▸ **TRY IT**
The result should be a full, exact repeat of the entries, free of pictures.

───── MATERIAL TO PROCESS ─────

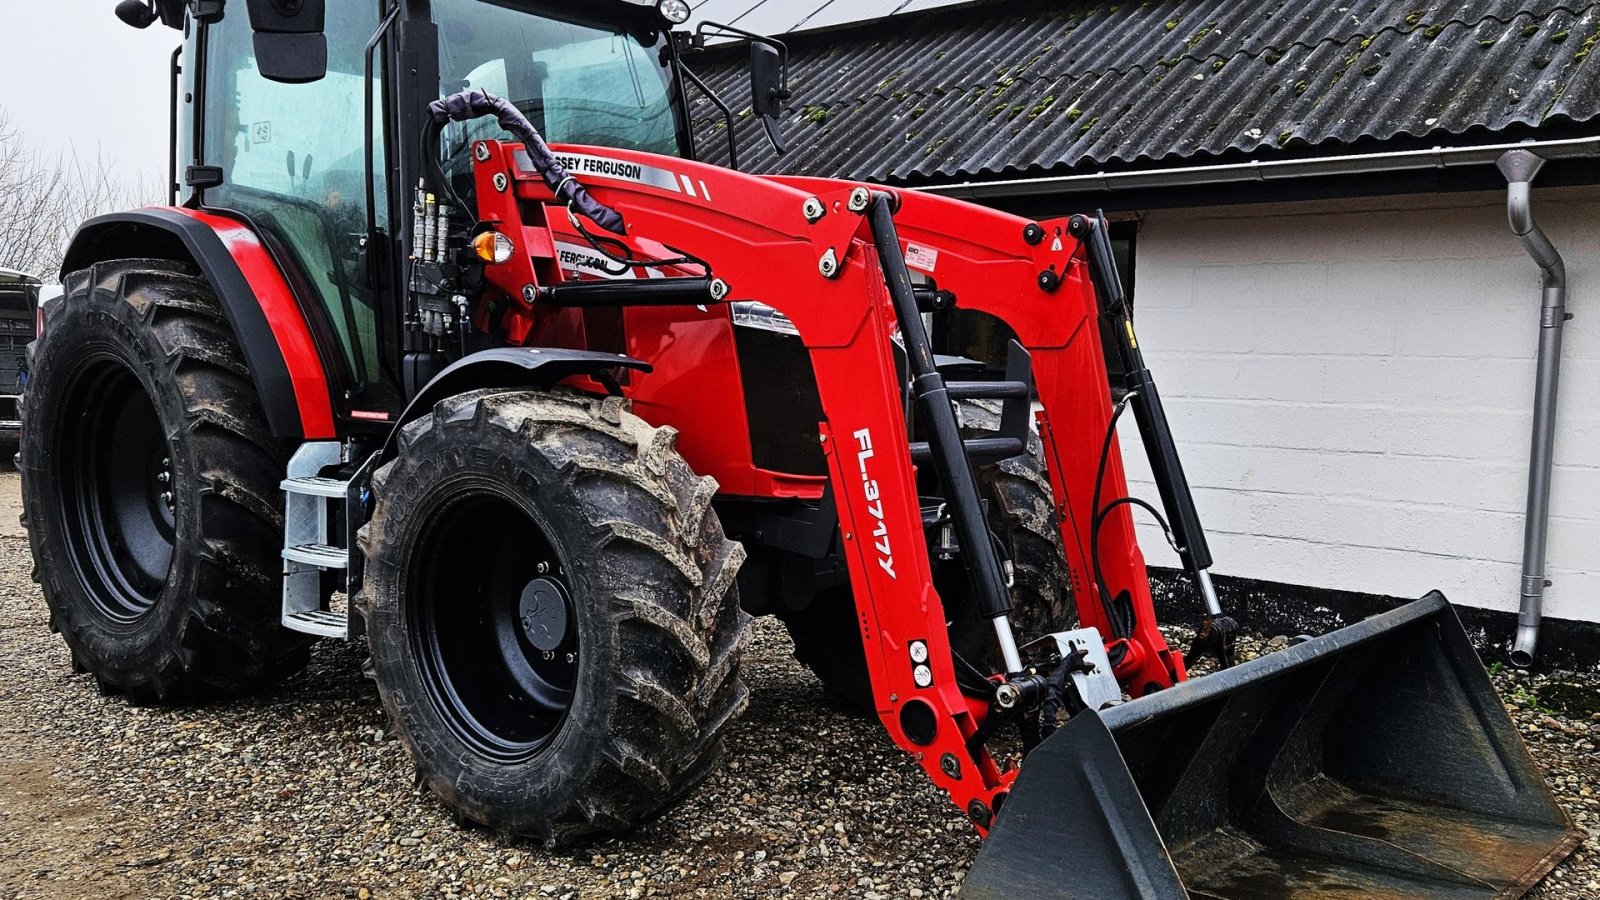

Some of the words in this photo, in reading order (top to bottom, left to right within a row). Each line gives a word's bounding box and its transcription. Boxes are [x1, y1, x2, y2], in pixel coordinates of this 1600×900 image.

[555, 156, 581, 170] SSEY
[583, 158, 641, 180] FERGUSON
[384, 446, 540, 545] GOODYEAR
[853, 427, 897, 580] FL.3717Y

─────

▸ **WRITTEN RESPONSE**
Some of the words in this photo, in reading order (top to bottom, left to right within a row). Each line gives a word's bounding box and its transcription. Boxes are [x1, y1, x2, y2], in pixel coordinates of this 1600×900 image.

[555, 156, 581, 170] SSEY
[583, 158, 641, 180] FERGUSON
[384, 446, 540, 545] GOODYEAR
[853, 427, 897, 580] FL.3717Y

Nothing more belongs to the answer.